Whenever you feel lonely, just remember: you’re always carrying several hundred trillion friends with you. A dizzying number of microbes call the human body home, and it turns out that science knows very little about most of them. In fact, a new Stanford survey of the foreign DNA fragments circulating in the human body has found that 99 percent of microbes inside us are completely unknown to science.
The discovery was initially made by accident, as a team investigated less invasive ways to predict whether a patient’s body would reject a transplanted organ. Rather than the wholly unpleasant experience of having a tissue biopsy taken, the researchers were studying whether a simple blood sample would suffice. Essentially, the idea was that if they found fragments of the organ donor’s DNA circulating in a patient’s blood, it was a good indication that the body was rejecting the transplant.

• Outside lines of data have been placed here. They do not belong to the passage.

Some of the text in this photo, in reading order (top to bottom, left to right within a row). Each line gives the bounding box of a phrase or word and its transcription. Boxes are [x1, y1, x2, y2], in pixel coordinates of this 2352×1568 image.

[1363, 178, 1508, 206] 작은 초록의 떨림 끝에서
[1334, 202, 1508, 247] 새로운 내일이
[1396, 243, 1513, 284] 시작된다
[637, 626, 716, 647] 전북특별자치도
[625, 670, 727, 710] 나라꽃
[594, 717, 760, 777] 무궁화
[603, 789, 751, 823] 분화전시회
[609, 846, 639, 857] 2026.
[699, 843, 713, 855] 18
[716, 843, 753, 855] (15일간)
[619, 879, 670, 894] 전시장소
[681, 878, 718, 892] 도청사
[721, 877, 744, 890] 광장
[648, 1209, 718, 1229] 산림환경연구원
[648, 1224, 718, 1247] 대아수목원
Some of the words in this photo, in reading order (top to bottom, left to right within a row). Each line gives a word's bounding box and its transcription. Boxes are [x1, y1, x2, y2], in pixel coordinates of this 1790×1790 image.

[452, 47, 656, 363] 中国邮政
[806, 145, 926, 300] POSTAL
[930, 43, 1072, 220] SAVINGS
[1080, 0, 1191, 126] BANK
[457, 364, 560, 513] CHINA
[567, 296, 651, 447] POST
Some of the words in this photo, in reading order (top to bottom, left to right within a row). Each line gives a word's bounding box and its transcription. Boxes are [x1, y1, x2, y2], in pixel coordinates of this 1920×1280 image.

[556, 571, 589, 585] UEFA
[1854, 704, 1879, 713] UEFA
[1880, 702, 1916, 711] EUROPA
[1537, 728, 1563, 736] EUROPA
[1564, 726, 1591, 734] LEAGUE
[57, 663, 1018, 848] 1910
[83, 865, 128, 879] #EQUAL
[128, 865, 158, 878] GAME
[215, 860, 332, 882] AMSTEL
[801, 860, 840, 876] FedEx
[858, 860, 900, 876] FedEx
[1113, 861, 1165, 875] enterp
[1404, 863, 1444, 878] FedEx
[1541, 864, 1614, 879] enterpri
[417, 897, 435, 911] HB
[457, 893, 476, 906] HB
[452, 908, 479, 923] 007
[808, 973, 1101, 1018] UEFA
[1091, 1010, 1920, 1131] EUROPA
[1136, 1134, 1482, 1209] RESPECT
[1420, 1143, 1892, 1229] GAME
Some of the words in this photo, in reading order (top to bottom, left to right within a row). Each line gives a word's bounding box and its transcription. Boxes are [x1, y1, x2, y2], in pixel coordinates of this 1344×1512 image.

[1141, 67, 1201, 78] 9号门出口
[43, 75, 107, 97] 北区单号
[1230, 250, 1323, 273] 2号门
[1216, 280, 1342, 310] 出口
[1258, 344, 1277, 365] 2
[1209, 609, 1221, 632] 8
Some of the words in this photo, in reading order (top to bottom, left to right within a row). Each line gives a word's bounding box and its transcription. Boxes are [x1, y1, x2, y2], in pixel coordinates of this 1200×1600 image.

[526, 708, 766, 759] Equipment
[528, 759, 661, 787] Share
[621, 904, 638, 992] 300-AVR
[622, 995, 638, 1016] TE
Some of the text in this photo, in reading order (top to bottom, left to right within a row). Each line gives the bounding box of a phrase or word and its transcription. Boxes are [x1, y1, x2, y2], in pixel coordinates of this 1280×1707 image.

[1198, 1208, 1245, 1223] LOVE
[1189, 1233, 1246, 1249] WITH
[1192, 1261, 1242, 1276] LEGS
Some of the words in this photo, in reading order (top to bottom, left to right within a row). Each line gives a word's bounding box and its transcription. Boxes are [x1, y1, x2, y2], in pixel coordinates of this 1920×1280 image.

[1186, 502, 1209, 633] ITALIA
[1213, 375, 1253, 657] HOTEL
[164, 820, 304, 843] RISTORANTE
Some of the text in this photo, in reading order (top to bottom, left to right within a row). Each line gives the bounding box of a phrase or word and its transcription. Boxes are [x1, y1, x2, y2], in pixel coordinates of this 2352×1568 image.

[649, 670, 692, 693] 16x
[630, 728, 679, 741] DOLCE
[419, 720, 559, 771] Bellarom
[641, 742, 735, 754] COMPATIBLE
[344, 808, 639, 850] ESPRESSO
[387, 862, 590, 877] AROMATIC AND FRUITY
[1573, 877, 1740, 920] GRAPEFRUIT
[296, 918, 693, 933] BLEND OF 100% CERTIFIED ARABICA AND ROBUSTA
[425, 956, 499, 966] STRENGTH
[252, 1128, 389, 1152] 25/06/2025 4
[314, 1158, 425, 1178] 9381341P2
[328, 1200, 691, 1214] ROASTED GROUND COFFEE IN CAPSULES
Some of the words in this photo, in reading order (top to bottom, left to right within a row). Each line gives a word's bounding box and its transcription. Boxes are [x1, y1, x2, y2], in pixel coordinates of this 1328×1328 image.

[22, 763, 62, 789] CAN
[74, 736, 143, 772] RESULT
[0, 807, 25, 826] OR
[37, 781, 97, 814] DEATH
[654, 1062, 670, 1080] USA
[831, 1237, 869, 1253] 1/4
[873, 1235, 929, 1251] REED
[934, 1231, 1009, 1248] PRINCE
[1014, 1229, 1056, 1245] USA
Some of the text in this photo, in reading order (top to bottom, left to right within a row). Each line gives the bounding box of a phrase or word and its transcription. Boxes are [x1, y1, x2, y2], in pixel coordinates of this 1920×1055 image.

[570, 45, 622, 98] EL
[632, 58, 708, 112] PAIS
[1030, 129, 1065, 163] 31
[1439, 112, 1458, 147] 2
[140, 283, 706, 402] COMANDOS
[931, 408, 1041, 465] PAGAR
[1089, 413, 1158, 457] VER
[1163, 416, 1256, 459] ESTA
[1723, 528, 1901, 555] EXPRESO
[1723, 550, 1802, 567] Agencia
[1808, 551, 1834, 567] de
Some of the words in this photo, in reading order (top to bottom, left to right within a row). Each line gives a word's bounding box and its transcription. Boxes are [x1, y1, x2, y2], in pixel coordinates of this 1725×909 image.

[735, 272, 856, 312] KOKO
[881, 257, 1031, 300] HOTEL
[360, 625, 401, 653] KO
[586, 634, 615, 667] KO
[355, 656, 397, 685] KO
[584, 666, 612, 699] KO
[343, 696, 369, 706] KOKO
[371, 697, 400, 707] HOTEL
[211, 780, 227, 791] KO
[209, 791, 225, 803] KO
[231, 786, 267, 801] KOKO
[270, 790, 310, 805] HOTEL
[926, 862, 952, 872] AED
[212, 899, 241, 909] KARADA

Along with the patient’s DNA and potentially that of the organ donor, the technique gives an insight into that person’s microbiome – the trillions of bacteria, viruses and other microbes that live throughout the body. Of all the non-human DNA floating around in there, the team found that a staggering 99 percent didn’t match anything in existing genetic databases.
“We found the gamut,” says Stephen Quake, senior author of the study. “We found things that are related to things people have seen before, we found things that are divergent, and we found things that are completely novel. I’d say it’s not that baffling in some respects because the lens that people examined the microbial universe was one that was very biased.”
The team then set about categorizing that pile of unknown DNA, and found that most of it belonged to a general group known as proteobacteria, which counts E. coli and Salmonella among its ranks, along with many, many others. On the virus side of things, the team found a huge amount of previously unknown members of the torque teno family, including an entirely new group that doesn’t quite fit current descriptions.
“We’ve doubled the number of known viruses in that family through this work,” says Quake. “We’ve now found a whole new class of human-infecting ones that are closer to the animal class than to the previously known human ones, so quite divergent on the evolutionary scale.”
With so many microbes living in the human body, it’s hardly surprising that science hasn’t gotten around to identifying them all, and the researchers say that attention is largely focused on a few particularly interesting species. The next step, the team says, is to apply the technique to the microbiomes of other animals in order to identify viruses that could potentially jump to humans and trigger pandemics, like avian and swine flu.